Besides ARF, a number of factors that alter the p53–HDM2 feedback loop have been identified, including the retinoblastoma protein (Rb) and the transcription factor Yin Yang 1 (YY1). Nucleolar proteins are also prominent among this group, including the ribosomal proteins L5, L11, L23, S7 (10–14), PML (15) and nucleophosmin (also called B23). Ribosomal proteins L5, L11, L23 and S7 interacted with HDM2 and inhibited the HDM2–p53 feedback loop in response to ribosomal stress, such as treatment with low dose actinomycin D (Act D), serum starvation (13), 5-fluorouracil (16) and mycophenolic acid treatment (17). Thus, releasing small protein molecules such as the ribosomal proteins from the nucleolus leads to p53 activation in response to ribosomal stress.
In this study, we designed to search for novel HDM2-binding proteins. We conducted stringent yeast two-hybrid (Y2H) screening using full-length HDM2 to screen human liver cDNA library. RPL26 was a novel ribosomal protein that can directly interact with HDM2, and its interaction with HDM2 was confirmed in vivo and in vitro. Furthermore, RPL26 modulates the HDM2-p53 interaction by forming a ternary complex among RPL26, HDM2 and p53, which leads to the stabilization of p53 and HDM2 by inhibiting the ubiquitin ligase activity of HDM2. RPL26 activates p53 by overcoming HDM2-mediated p53 degradation through the proteasome. The interaction of RPL26 and HDM2 was increased and activated p53. Overexpression of RPL26 results in activating of p53, inhibits cell proliferation and induces a p53-dependent cell cycle arrest. From previous report, RPL26 was found to bind to the 5′ untranslated region (UTR) of p53 mRNA and control p53 translation and induction after DNA damage (18). Thus, RPL26 is the only identified ribosomal protein that activates p53 by simultaneously potentiating its translation and attenuating its degradation till now. These observations provide an additional regulatory mechanism associated with RPL26 in regulating p53 function.
Human embryonic kidney HEK293, human osteosarcoma U2OS cells, mouse p53−/−/mdm2−/− MEF cells and HCT116 cells were cultured in Dulbecco’s modified Eagle’s medium (DMEM) supplemented with 10%(v/v) fetal bovine serum, and Human lung small cell adenocarcinoma H1299 cells were maintained in RPMI medium 1640 with 10% FBS.

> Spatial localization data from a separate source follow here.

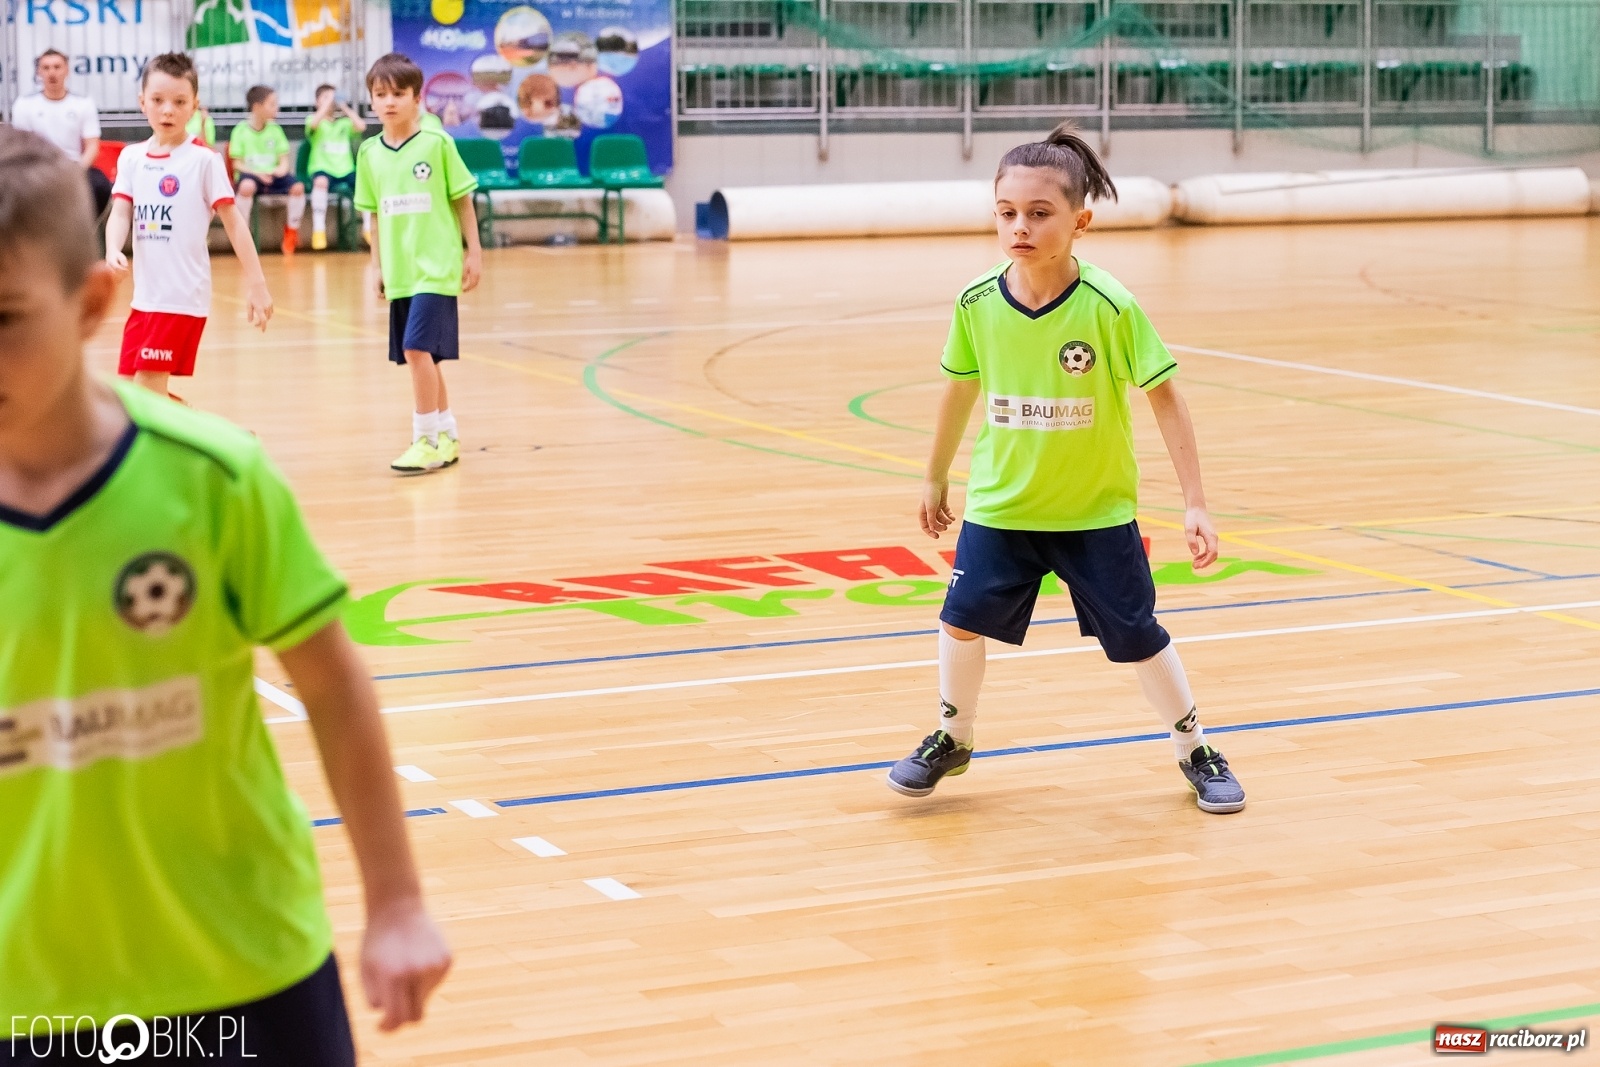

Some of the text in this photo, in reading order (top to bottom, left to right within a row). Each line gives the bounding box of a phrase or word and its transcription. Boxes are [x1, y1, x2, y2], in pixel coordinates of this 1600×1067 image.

[8, 0, 142, 24] RSKI
[134, 204, 173, 221] MYK
[140, 347, 174, 362] CMYK
[1022, 404, 1093, 418] BAUMAG
[1046, 419, 1092, 427] BUDOWLANA

The pCMV-p53, pCMV-HDM2, and pcDNA3/poly-HA-tagged ubiquitin were kindly provided by Dr Y. Xiong, (University of North Carolina, Chapel Hill, NC, USA), and pG13-Luc were obtained from Dr B. Vogelstein (Johns Hopkins Medical Institutions, Baltimore, MD, USA). Various constructs of RPL26 were generated according to standard molecular techniques. All deletion mutants were created by polymerase chain reaction (PCR) to obtain DNA fragments and subjected to sequencing verification. The details of the primer sequences used for deletion mutations are available upon request. The proteasome inhibitor MG132 and protein synthesis inhibitor cycloheximide (CHX) were purchased from Sigma (St Louis, MO, USA). Anti-FLAG and RPL26 antibody were purchased from Sigma (St Louis), anti-HA antibody from Roche (Basel, Switzerland), anti-Myc, anti-Flag-HRP, anti-GFP and anti-HDM2 antibody were from Santa Cruz Biotechnology (Santa Cruz, CA, USA).
The two-hybrid screening was performed with the ProQuest™ two-hybrid system (Invitrogen, CA, USA). Full length human HDM2 was cloned in-frame with the GAL4 DNA binding domain in the vector pDBLeu to create pDBLeu-HDM2. MaV203 yeast cells were successively transformed with pDBLeu-HDM2 and human liver cDNA library. A total of ~1×106 independent transformants were analyzed and clones were selected for positive interactions based on screening for expression of reporter genes His3, LacZ and URA3. To eliminate interactions that originated from nonspecific promoter activation, we only considered DB-HDM2-AD-Prey pairs if they activated at least two out of three reporter genes. Positives were subsequently retested in fresh yeast cells, and their AD-Prey identities were determined with interaction sequence tags (ISTs) obtained by sequencing. The AD-Prey reading frame was verified for each IST to avoid the recovery of out-of-frame peptides.
H1299, U2OS, MEF, HCT116 or HEK293 cells were transfected with plasmids as indicated in each figure legend using Lipofectamine 2000 (Invitrogen) according to the manufacturer's instructions. Cells were harvested at 24h post-transfection and lysed in HEPES lysis buffer [50mM Tris–HCl (pH 7.5), 150mM NaCl, 1% (v/v) Tween 20, 0.2% NP-40, 10% glycerol] supplemented with protease inhibitor cocktail (Roche, Basel, Switzerland) and phosphatase inhibitors (10mM NaF and 1mM Na3VO4). Immunoprecipitation and immunoblotting analysis were performed as described previously (19).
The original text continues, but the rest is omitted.